DATA FOR THIS EXERCISE:
*** Block opens ***

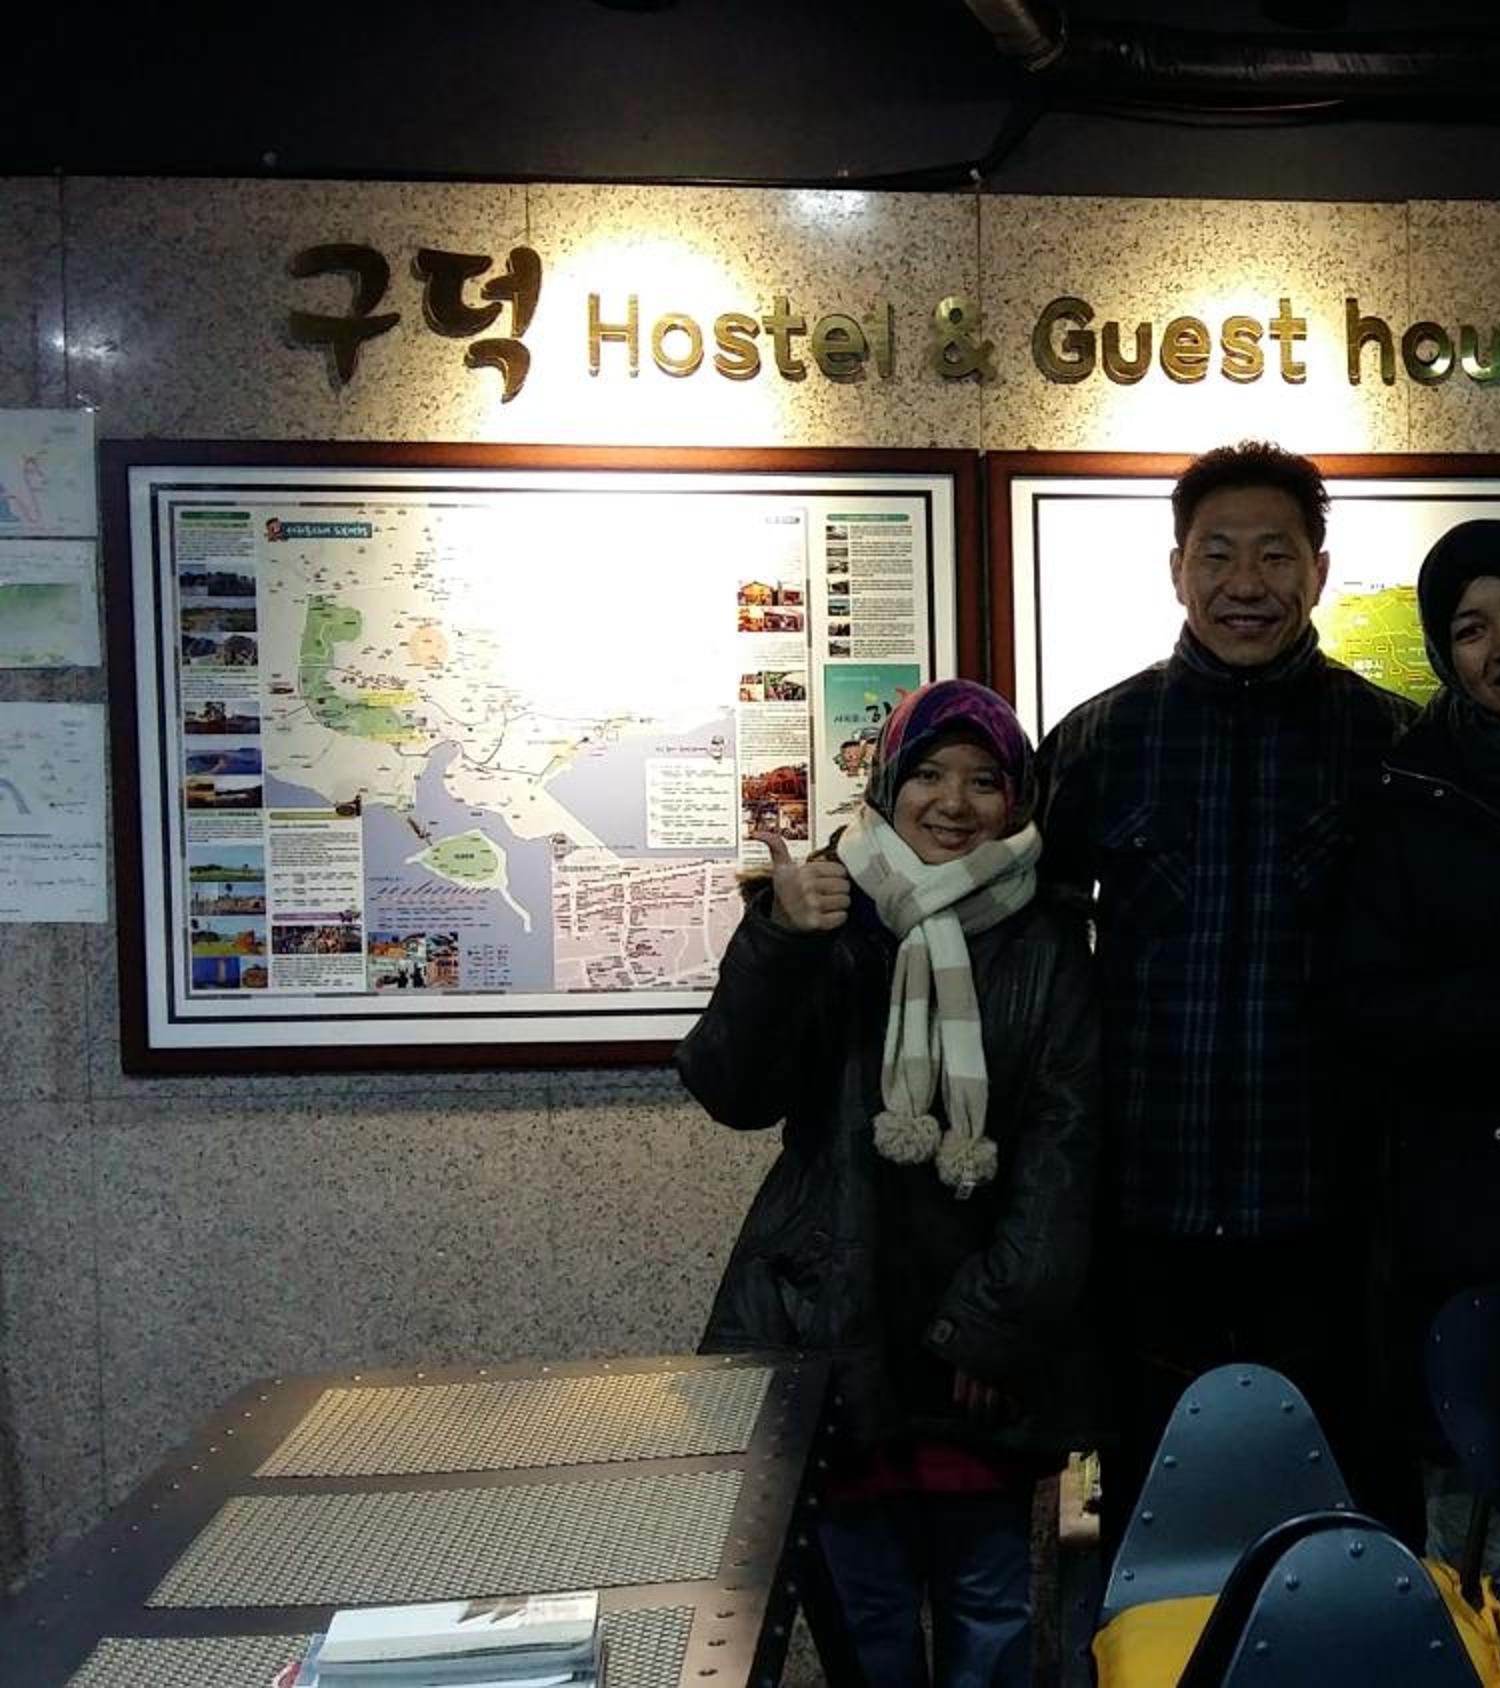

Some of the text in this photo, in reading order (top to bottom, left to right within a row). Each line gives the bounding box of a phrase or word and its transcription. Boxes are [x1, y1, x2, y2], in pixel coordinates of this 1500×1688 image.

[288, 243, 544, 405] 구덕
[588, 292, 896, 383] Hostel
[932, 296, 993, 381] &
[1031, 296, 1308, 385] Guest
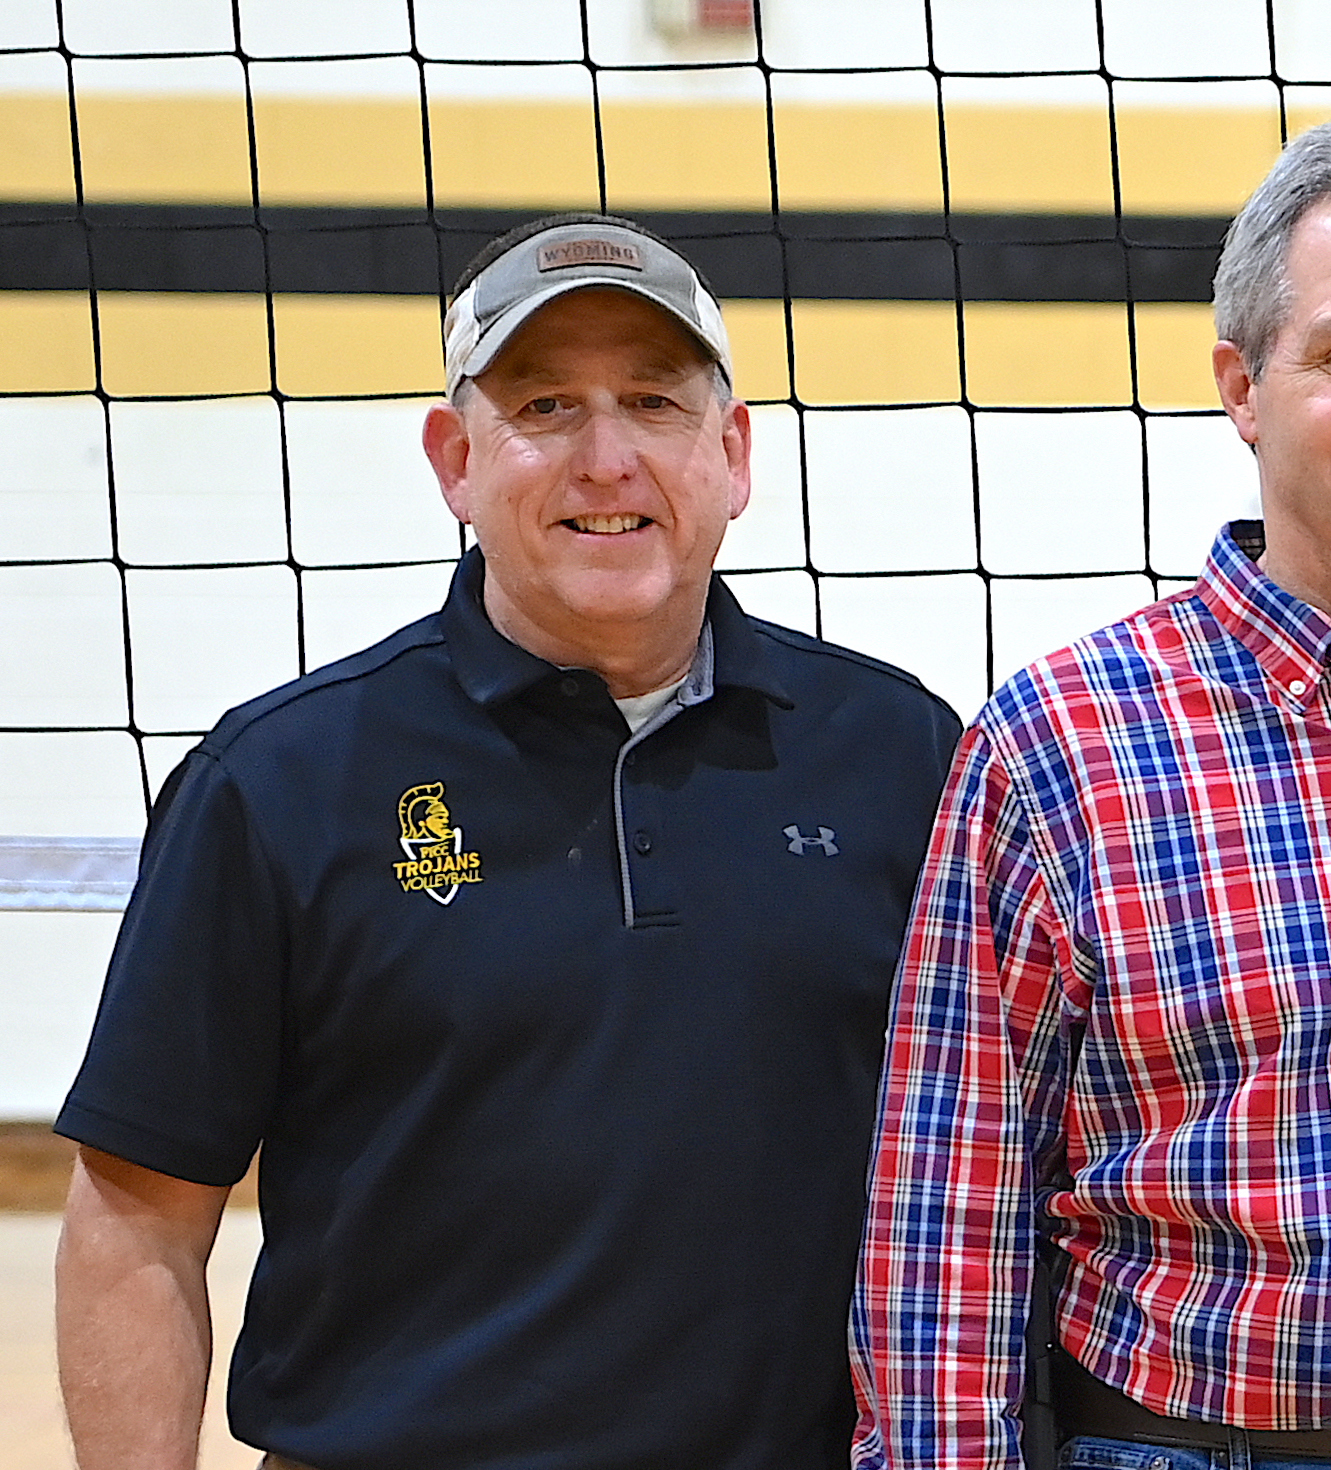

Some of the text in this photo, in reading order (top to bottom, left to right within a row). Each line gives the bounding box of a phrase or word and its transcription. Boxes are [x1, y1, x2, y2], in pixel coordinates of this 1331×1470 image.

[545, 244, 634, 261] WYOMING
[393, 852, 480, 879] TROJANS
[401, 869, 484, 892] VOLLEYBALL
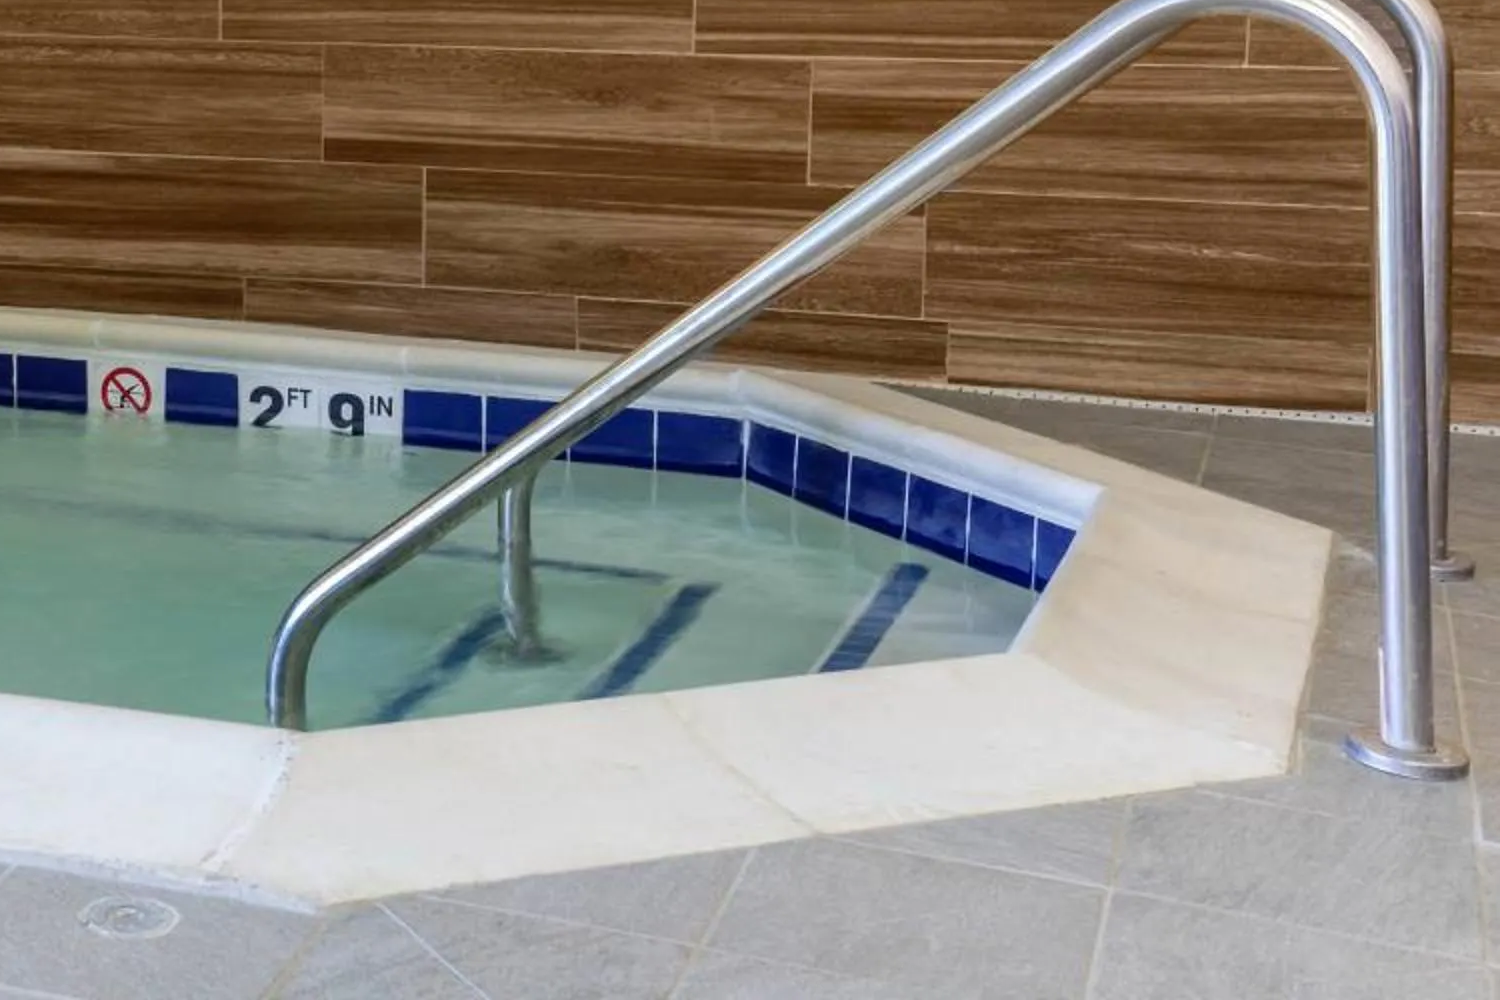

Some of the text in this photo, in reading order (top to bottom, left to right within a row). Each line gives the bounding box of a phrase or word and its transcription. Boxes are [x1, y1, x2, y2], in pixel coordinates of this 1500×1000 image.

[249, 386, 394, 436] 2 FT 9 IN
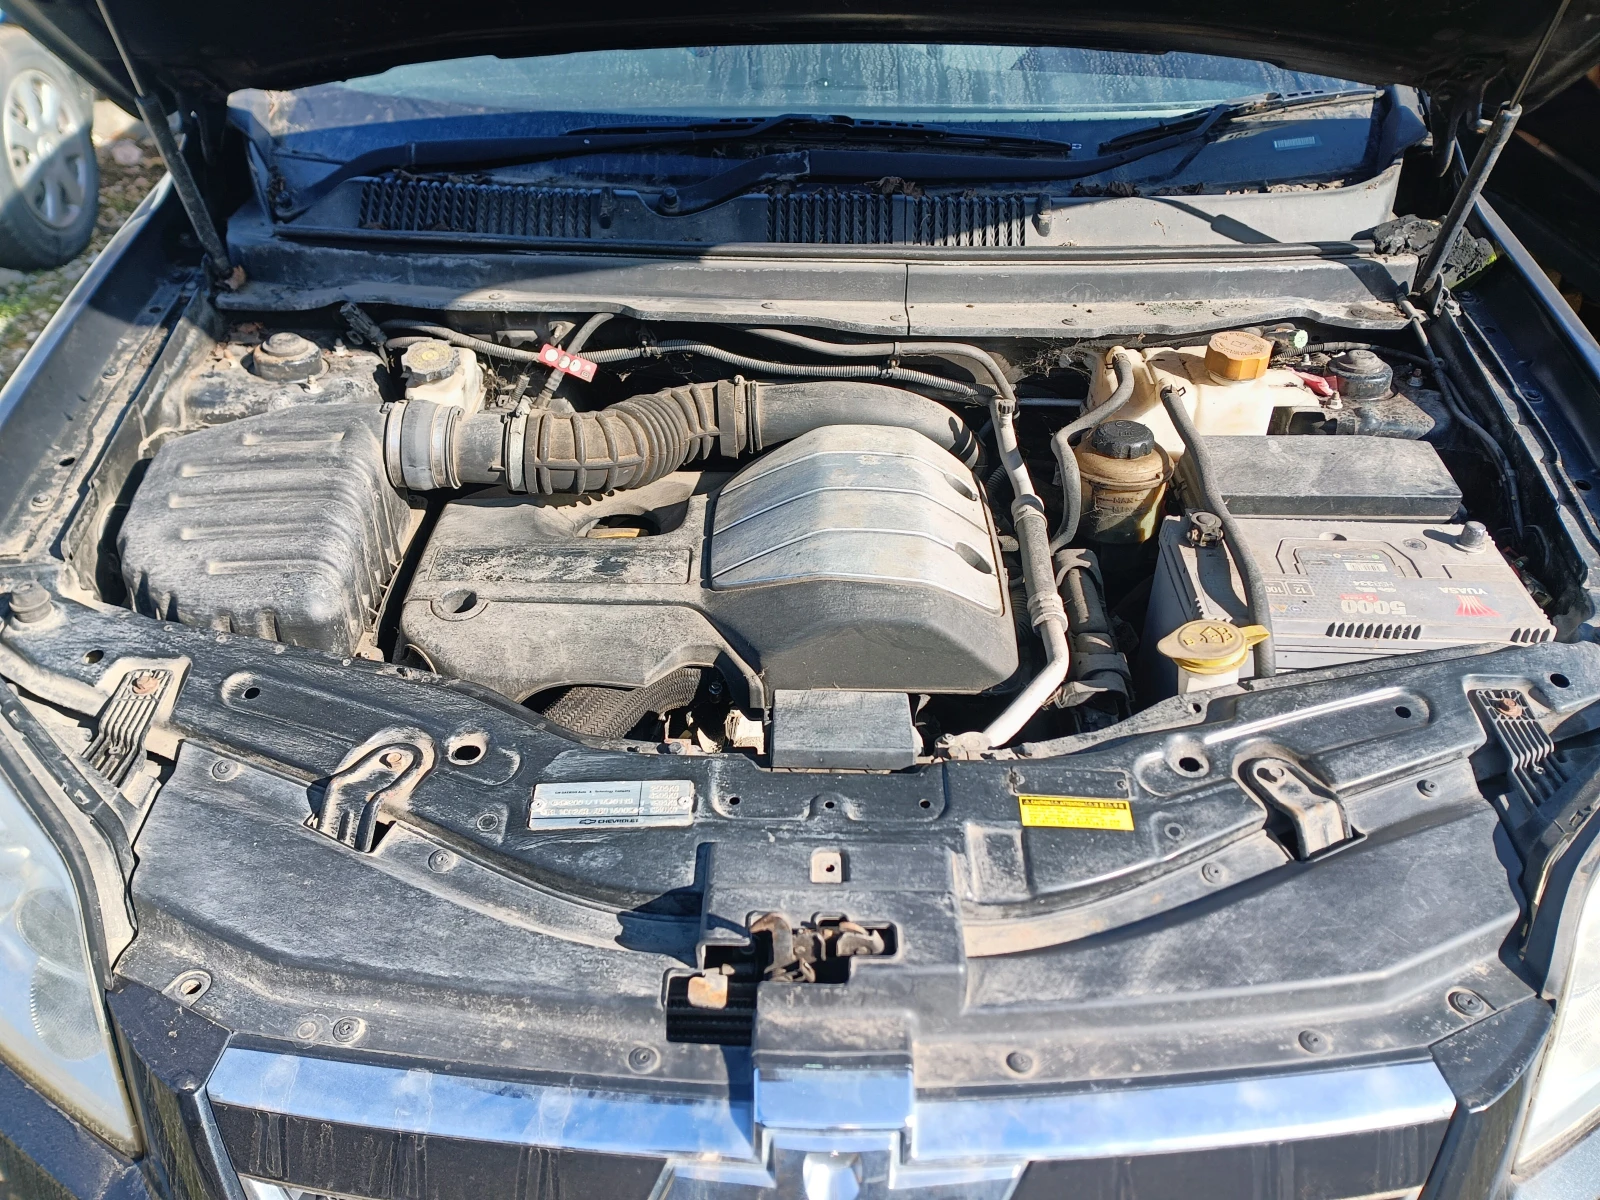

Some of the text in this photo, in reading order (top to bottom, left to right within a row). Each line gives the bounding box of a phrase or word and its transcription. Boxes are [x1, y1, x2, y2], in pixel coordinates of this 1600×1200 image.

*** Block closes ***

TASK GOAL: Starting with the line that contains "this 1331×1470 image." and ending with the last line of the material, every line must be written out exactly; no other lines and no pictures are wanted.

RESULT FOR THIS TASK:
Some of the text in this photo, in reading order (top to bottom, left to right within a row). Each line gives the bounding box of a phrase or word and its transcription. Boxes are [x1, y1, x2, y2], in pixel coordinates of this 1331×1470 image.

[545, 244, 634, 261] WYOMING
[393, 852, 480, 879] TROJANS
[401, 869, 484, 892] VOLLEYBALL

Some of the text in this photo, in reading order (top to bottom, left to right within a row). Each line gives the bounding box of a phrase or word and its transcription. Boxes are [x1, y1, x2, y2], in pixel coordinates of this 1500×1000 image.

[249, 386, 394, 436] 2 FT 9 IN

Some of the text in this photo, in reading order (top to bottom, left to right within a row). Each line gives the bounding box of a phrase or word and its transcription. Boxes are [x1, y1, x2, y2], in pixel coordinates of this 1600×1200 image.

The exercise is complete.